─── Extracted entries ───
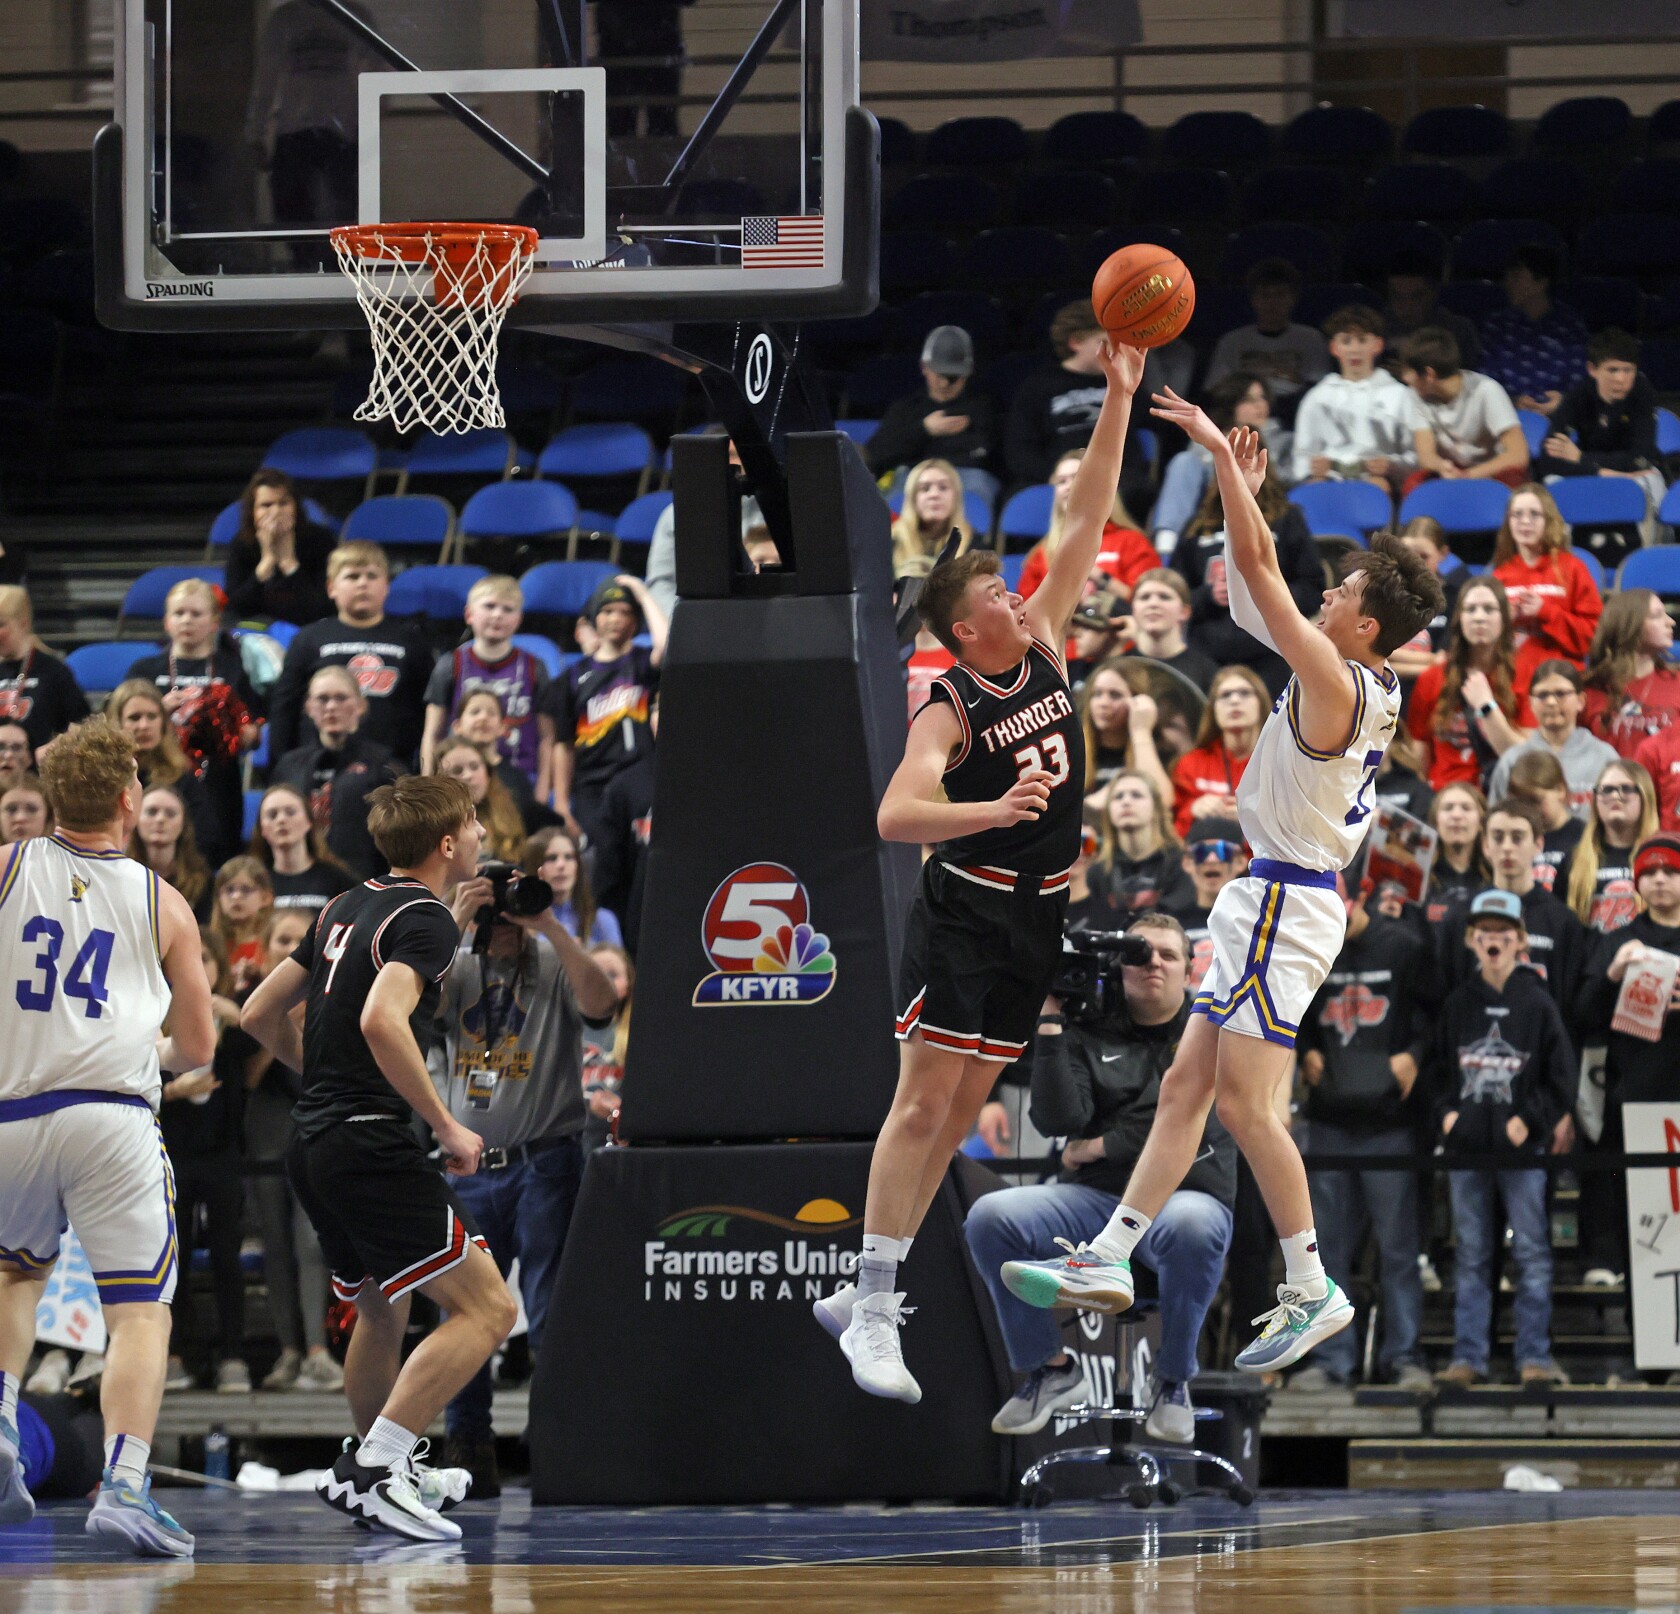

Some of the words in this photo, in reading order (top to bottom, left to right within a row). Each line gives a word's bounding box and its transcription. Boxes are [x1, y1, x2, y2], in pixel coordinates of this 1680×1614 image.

[145, 281, 214, 299] SPALDING
[980, 690, 1073, 753] THUNDER
[1014, 732, 1071, 788] 23
[710, 882, 799, 959] 5
[15, 915, 115, 1019] 34
[322, 922, 355, 995] 4
[721, 976, 799, 1001] KFYR
[644, 1241, 778, 1276] Farmers
[784, 1240, 863, 1276] Unio
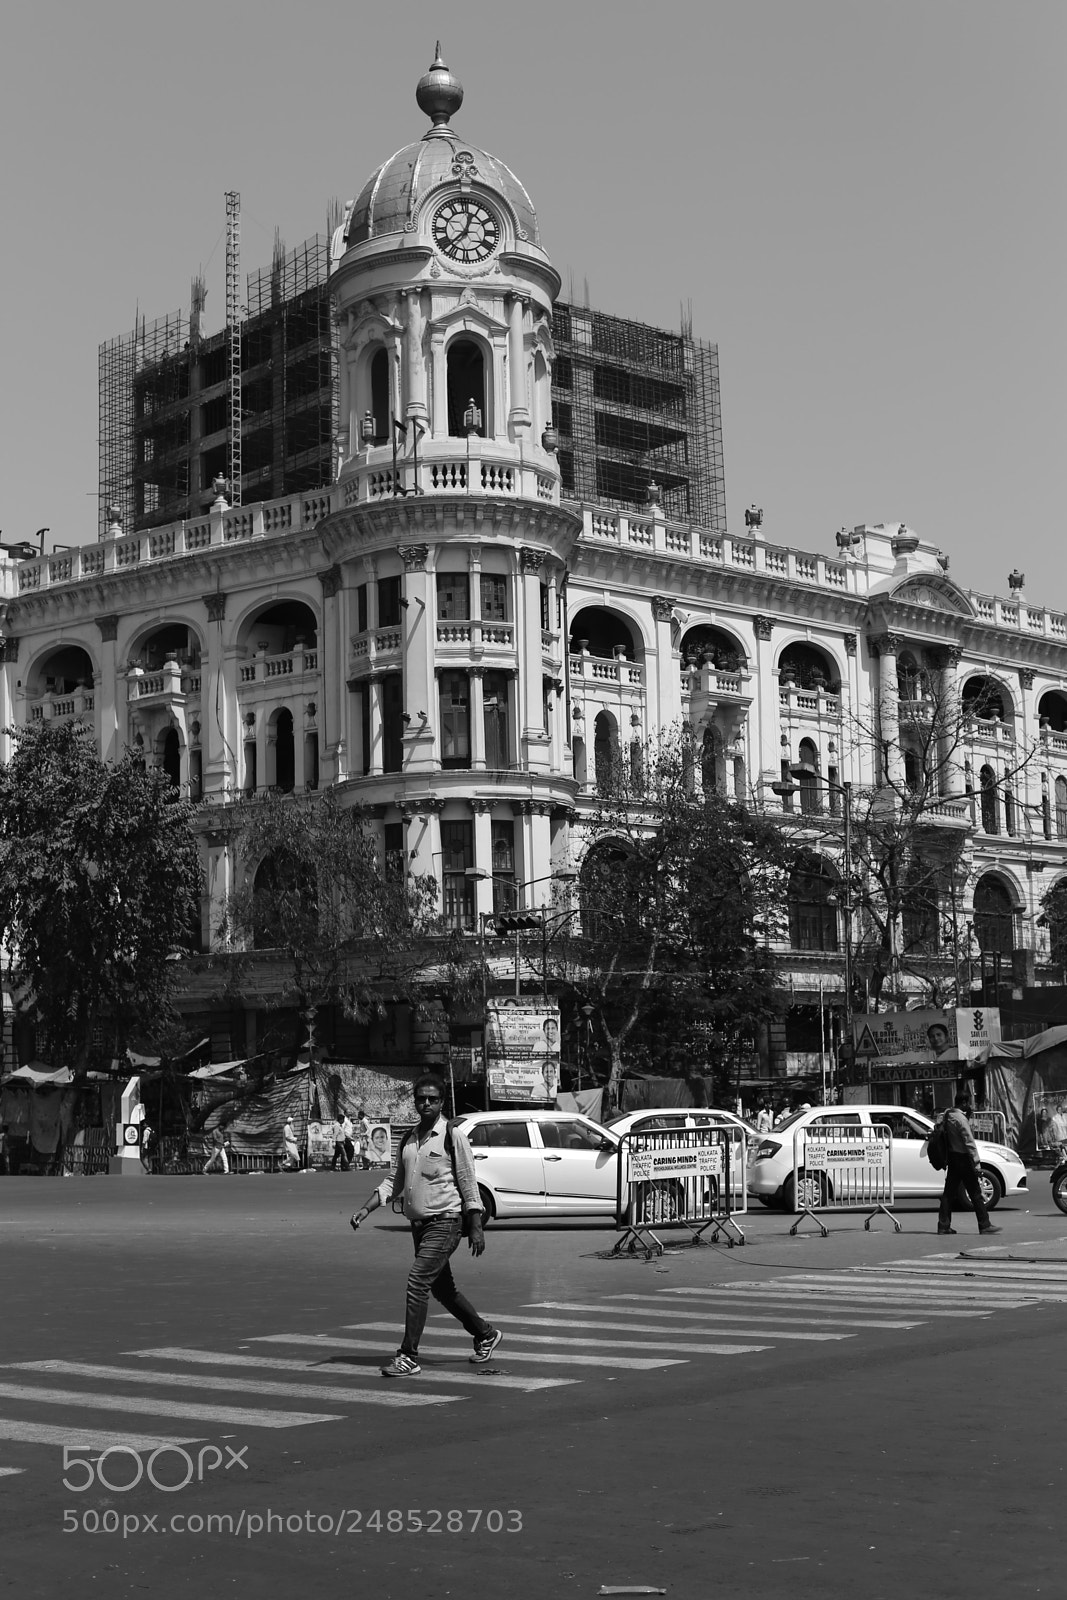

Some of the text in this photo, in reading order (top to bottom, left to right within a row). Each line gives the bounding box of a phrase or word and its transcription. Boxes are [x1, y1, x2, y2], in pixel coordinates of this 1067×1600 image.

[915, 1067, 955, 1079] POLICE
[698, 1149, 718, 1157] KOLKATA
[631, 1154, 652, 1162] KOLKATA
[653, 1155, 697, 1166] CARING MINDS
[699, 1157, 717, 1165] TRAFFIC
[632, 1162, 651, 1170] TRAFFIC
[700, 1164, 716, 1172] POLICE
[633, 1170, 650, 1178] POLICE
───
Task objective
Return every record exactly. Pictures stay out.

Solution
Some of the words in this photo, in reading order (top to bottom, left to right within a row). Each line gives a word's bounding box and its transcription. Boxes are [x1, y1, x2, y2], in pixel coordinates of this 1680×1614 image.

[145, 281, 214, 299] SPALDING
[980, 690, 1073, 753] THUNDER
[1014, 732, 1071, 788] 23
[710, 882, 799, 959] 5
[15, 915, 115, 1019] 34
[322, 922, 355, 995] 4
[721, 976, 799, 1001] KFYR
[644, 1241, 778, 1276] Farmers
[784, 1240, 863, 1276] Unio

Some of the text in this photo, in reading order (top to bottom, left to right within a row). Each line gives the bounding box of a phrase or word and its transcription. Boxes are [x1, y1, x2, y2], in pixel coordinates of this 1067×1600 image.

[915, 1067, 955, 1079] POLICE
[698, 1149, 718, 1157] KOLKATA
[631, 1154, 652, 1162] KOLKATA
[653, 1155, 697, 1166] CARING MINDS
[699, 1157, 717, 1165] TRAFFIC
[632, 1162, 651, 1170] TRAFFIC
[700, 1164, 716, 1172] POLICE
[633, 1170, 650, 1178] POLICE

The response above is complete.